São dadas várias explicações, incluindo os desastres
meteorológicos -inundações e secas- relacionados à mudança climática, ao boom
dos biocombustíveis, à subida do preço do petróleo e ao aumento da demanda de
carne e de grãos das crescentes classes médias da China e da Índia. Porém, há
outro fato muito mais importante, que é ignorado na maioria das análises: a
especulação por aprte de investidores, que veem nos alimentos um novo horizonte
de lucro.
Segundo a autora e analista catalã Esther Vivas (ver aqui, em espanhol), em meados
de 2010, " especulação alimentar golpeava de novo e o preço dos alimentos voltava
a subir”, pelo que "os especuladores sentiram-se incentivados a pedir novos
empréstimos e a comprar mercadorias que, de maneira previsível, subiriam
rapidamente de valor. Os próprios bancos, fundos de alto risco etc. que
causaram a crise das hipotecas subprime são, atualmente, os responsáveis pela
especulação com as matérias primas e o aumento do preço da comida,
aproveitando-se de uns mercados globais de mercadorias profundamente
desregularizados”.
"O desmedido fluxo de capitais especulativos distorce os mercados de tal
forma que já não servem para a composição de preços dos alimentos”, sustenta a
campanha Direito à Alimentação (ver aqui, em espanhol). "Os mercados de futuro não refletem a situação
real de oferta e procura nos mercados agrícolas e seus preços não convergem com
os do mercado varejista, nem proporcionam uma cobertura efetiva contra as
flutuações. A falta de convergência nos preços e a alta volatilidade têm feito
com que os mercados de futuro sobre matérias primas agrícolas sejam pouco
fiáveis quanto à estimativa dos preços e de pouca utilidade na gestão de risco
para produtores e consumidores”.
E, o que é um especulador? É quem nem produz e nem usa a mercadoria;
porém, arrisca capital, comprando e vendendo contratos a futuro da mercadoria
em questão, com o objetivo de lucrar a partir da variação em seu preço. O
contrato a futuro é basicamente uma aposta a que o preço de uma mercadoria
determinada subirá ou baixará.
O especulador não trabalha na economia do mundo real, na qual se vendem
bens e serviços para o benefício da sociedade; mas trabalha no que se conhece
como economia financeira. "A economia financeira é a que cria dinheiro através
da especulação com o dinheiro, sem mediar a produção de algo que, em seguida,
se vende; isto é, sem que exista quase nenhum intercâmbio de matéria, trabalho
e energia”, informa um documento educativo de Direito à Alimentação. "na
economia financeira, por exemplo, se compram ações para tentar vendê-las mais
tarde, obtendo com isso um benefício sem ter contribuído para a sociedade”.

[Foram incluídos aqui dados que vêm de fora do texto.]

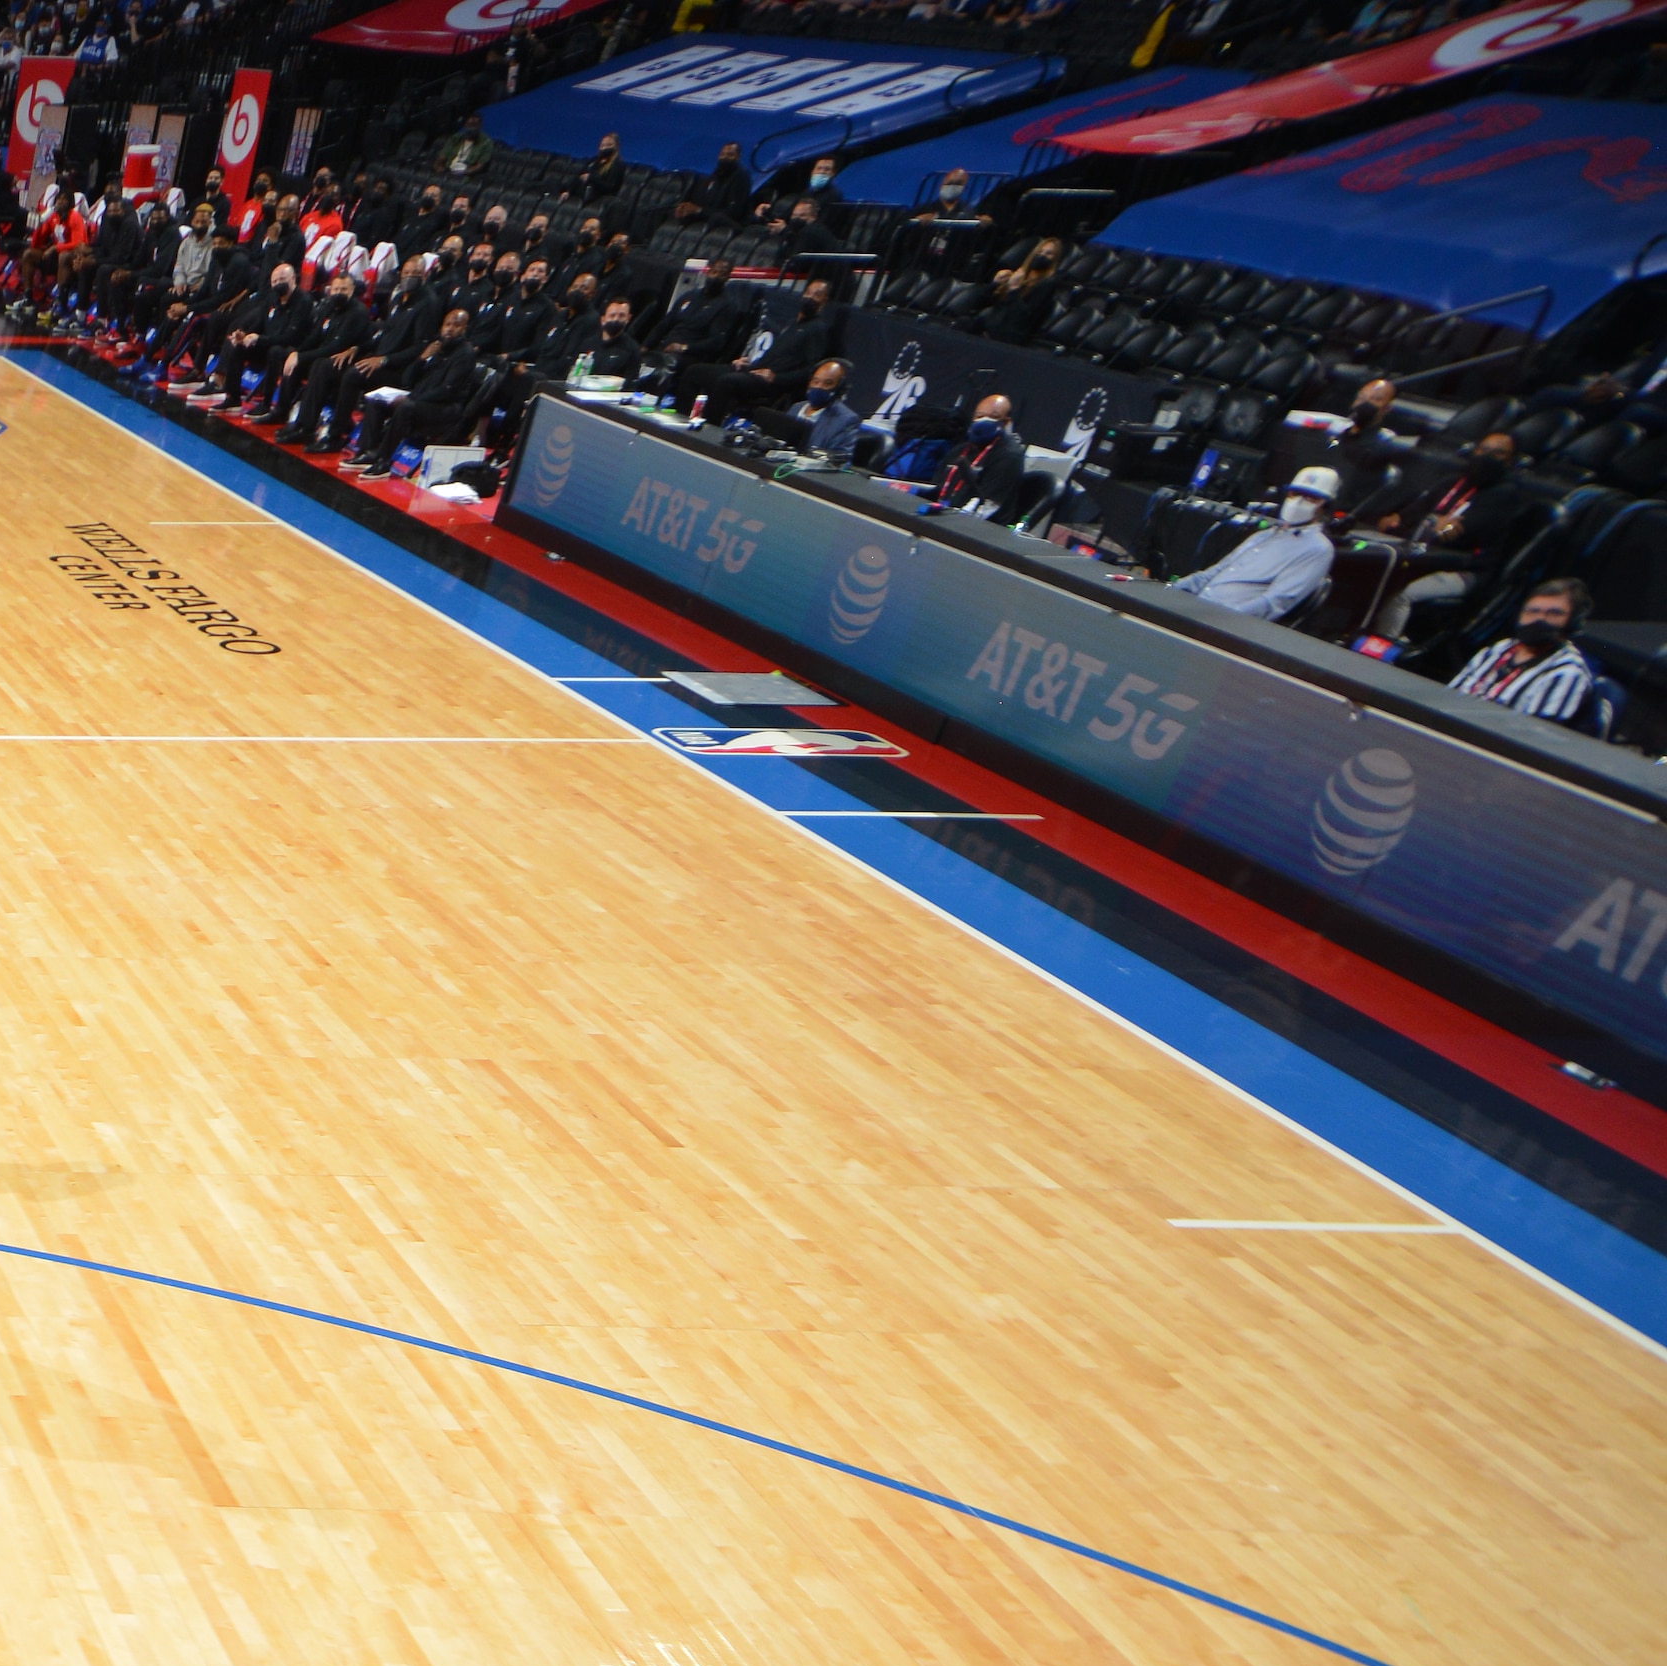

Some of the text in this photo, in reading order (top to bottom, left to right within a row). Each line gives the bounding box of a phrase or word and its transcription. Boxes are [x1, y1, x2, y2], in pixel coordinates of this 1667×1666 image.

Sempre houve especulação; porém, como resultado da desregulação de anos
recentes, esta aumentou a uma velocidade alarmante. Entre 2003 e 2008, o
investimento em índices vinculados ao negócio das matérias primas se
multiplicou por vinte, subindo de 13 bilhões para 260 bilhões de dólares.
Quando há tanta especulação, os postulados da economia liberal clássica de
oferta e procura já não têm aplicabilidade.
Diz o relator das Nações Unidas sobre o direito à alimentação, Olivier
de Schutter, "quando chegam as informações sobre os incêndios na Rússia ou o
excesso de chuvas no Canadá, alguns operadores preferem não vender
imediatamente, enquanto que os compradores buscam comprar o mais rápido
possível”. O Instituto para a Política Agrícola e de Comércio dos Estados
Unidos (ver
aqui, em espanhol) atribui à especulação até 31% da subida do preço do milho, em julho de
2008. E se não é pela especulação, de que outro modo se pode explicar que o
preço do arroz a futuro subiu 31% em uma poucas horas em 31 de março de 2008?
Como explicar que o trigo subiu 46% entre 10 de janeiro e 26 de fevereiro de
2008, aumento que caiu quase na totalidade em maio e, subiu para 21% no início
de junho, para em agosto baixar outra vez?
Torna-se cada vez mais claro que para entender a crise alimentar temos
que regular os mercados financeiros e dar um ‘basta’ nos especuladores. Porém,
para os neoliberais, tal proposta é impensável. Citamos o economista Joseph Stiglitz,
ganhador do Prêmio Nobel de Economia: "O fundamentalismo de mercado neoliberal
sempre tem sido uma doutrina política que serve a determinados interesses.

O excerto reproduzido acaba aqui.